Viacom vs. YouTube: Who is the real pirate?

The video service claims the entertainment company knowingly uploaded its own copyrighted content -- and then sued

Published March 19, 2010 1:20PM (EDT)

The long-running legal fight between Google and Viacom over copyright violations on YouTube heated up on Thursday, after thousands of pages of court documents were unsealed at Viacom's request. Viacom is apparently hoping that copies of e-mails between YouTube's founders dating back to the video service's earliest days prove that YouTube knew it was consciously pirating copyrighted content. But YouTube is fighting back. Chief counsel Zahavah Levine made some strong accusations of her own in a blog post on "The Official YouTube Blog."

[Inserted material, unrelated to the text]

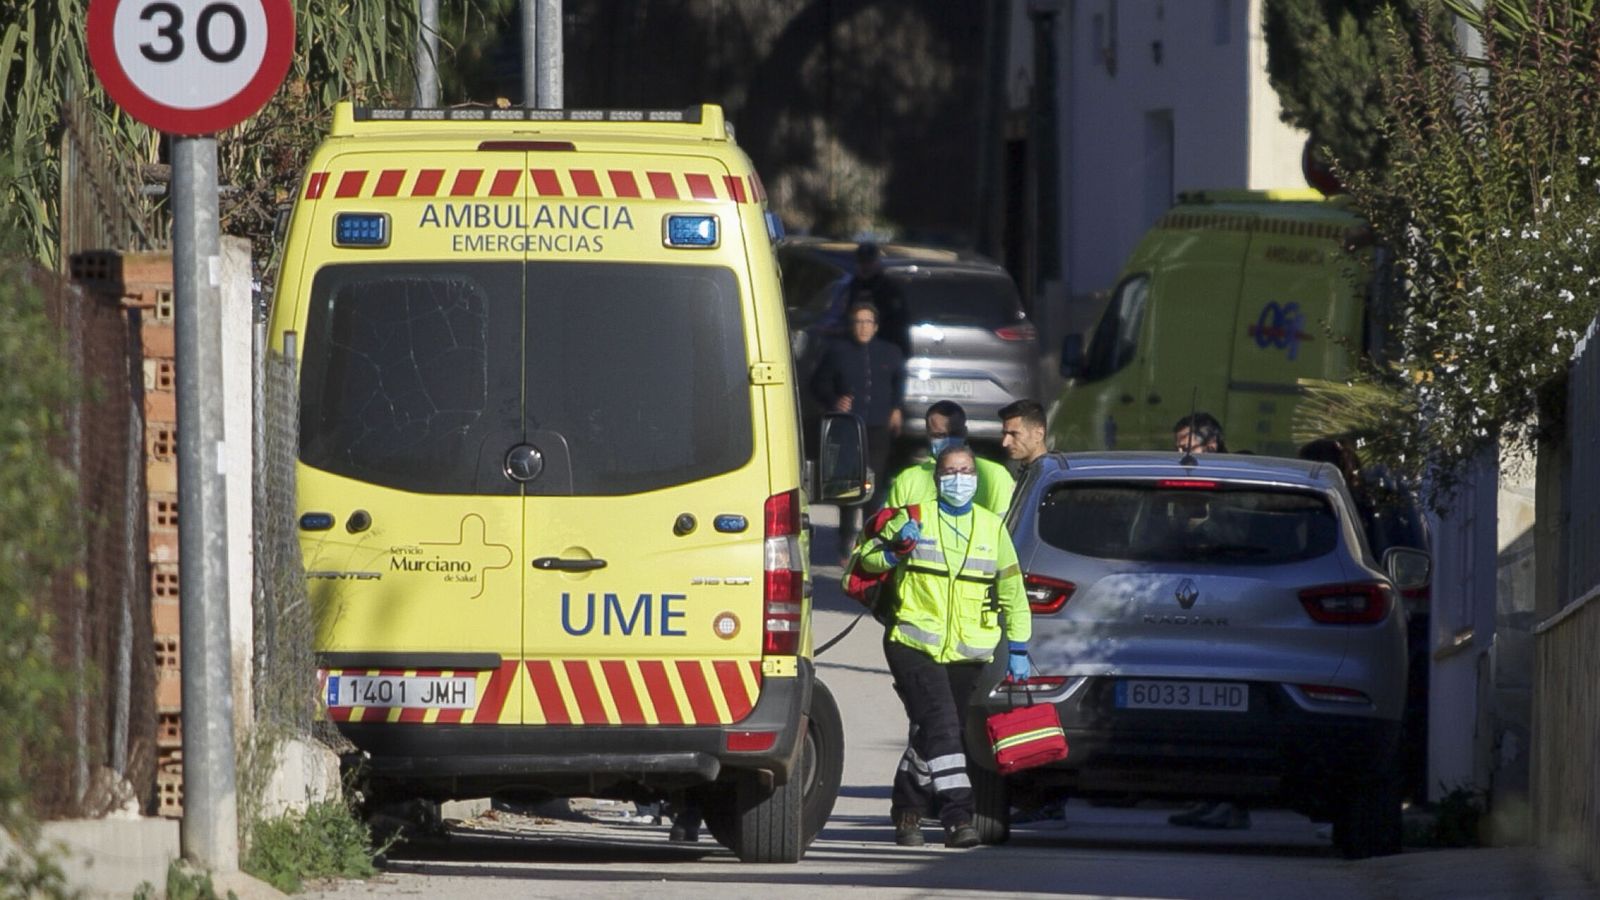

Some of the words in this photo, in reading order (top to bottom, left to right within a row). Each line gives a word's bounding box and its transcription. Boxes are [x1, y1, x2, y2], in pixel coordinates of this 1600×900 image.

For years, Viacom continuously and secretly uploaded its content to YouTube, even while publicly complaining about its presence there. It hired no fewer than 18 different marketing agencies to upload its content to the site. It deliberately "roughed up" the videos to make them look stolen or leaked. It opened YouTube accounts using phony email addresses. It even sent employees to Kinko's to upload clips from computers that couldn't be traced to Viacom. And in an effort to promote its own shows, as a matter of company policy Viacom routinely left up clips from shows that had been uploaded to YouTube by ordinary users. Executives as high up as the president of Comedy Central and the head of MTV Networks felt "very strongly" that clips from shows like The Daily Show and The Colbert Report should remain on YouTube.

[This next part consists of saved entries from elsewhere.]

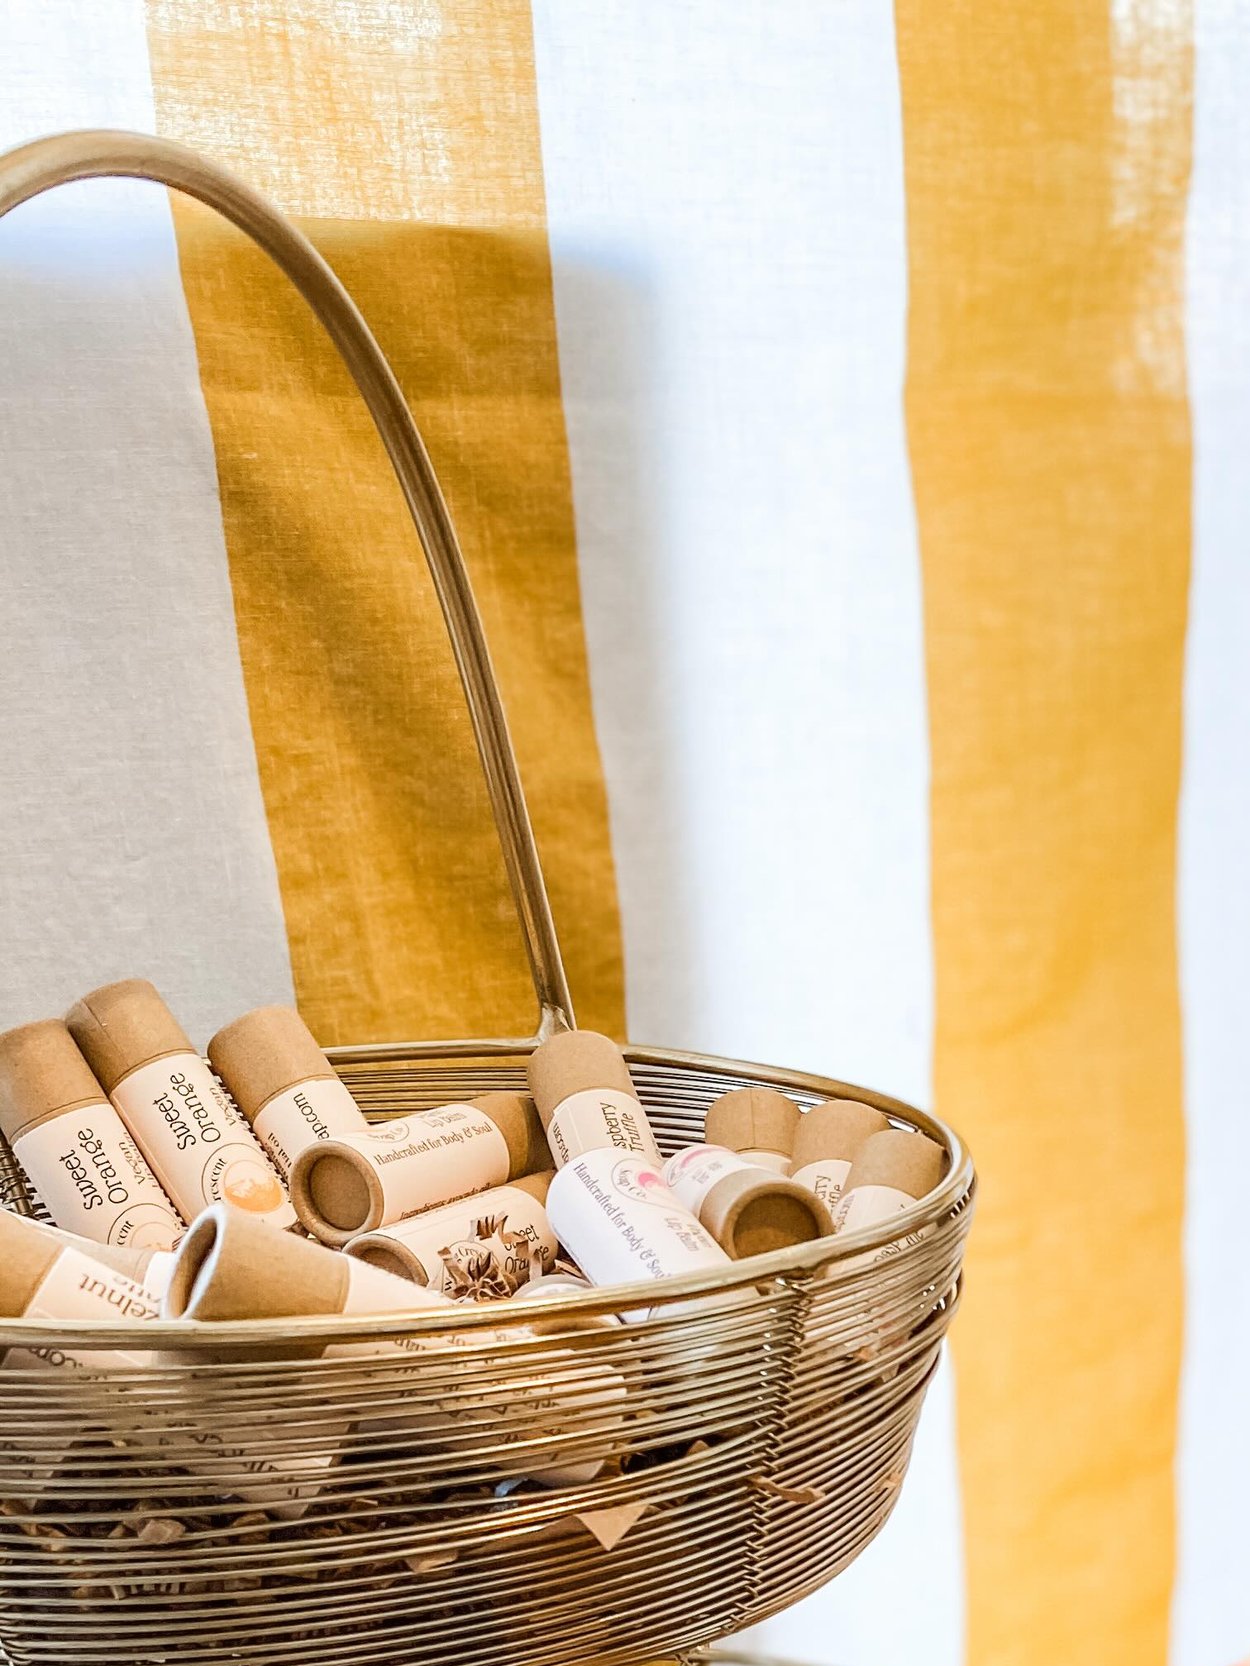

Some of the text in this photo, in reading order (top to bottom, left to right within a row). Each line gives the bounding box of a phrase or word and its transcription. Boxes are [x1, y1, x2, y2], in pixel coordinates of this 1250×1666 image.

[153, 1092, 197, 1151] Sweet
[170, 1072, 221, 1143] Orange
[620, 1112, 645, 1152] Truffle
[77, 1128, 129, 1204] Orange
[373, 1121, 494, 1166] Handcrafted for Body & Soul
[59, 1149, 104, 1210] Sweet
[572, 1162, 672, 1279] Handcrafted for Body & Sou

Viacom's efforts to disguise its promotional use of YouTube worked so well that even its own employees could not keep track of everything it was posting or leaving up on the site. As a result, on countless occasions Viacom demanded the removal of clips that it had uploaded to YouTube, only to return later to sheepishly ask for their reinstatement. In fact, some of the very clips that Viacom is suing us over were actually uploaded by Viacom itself.

Given Viacom's own actions, there is no way YouTube could ever have known which Viacom content was and was not authorized to be on the site. But Viacom thinks YouTube should somehow have figured it out. The legal rule that Viacom seeks would require YouTube -- and every Web platform -- to investigate and police all content users upload, and would subject those web sites to crushing liability if they get it wrong.

The Financial Times reports:

A person close to Viacom claimed that virtually all of the roughly 63,000 video clips the company found on the service were unauthorized, with the number posted by employees or agents working for Viacom only in the "hundreds."

 

(UPDATE: Corrected to reflect the appropriate gender for Zahavah Levine.)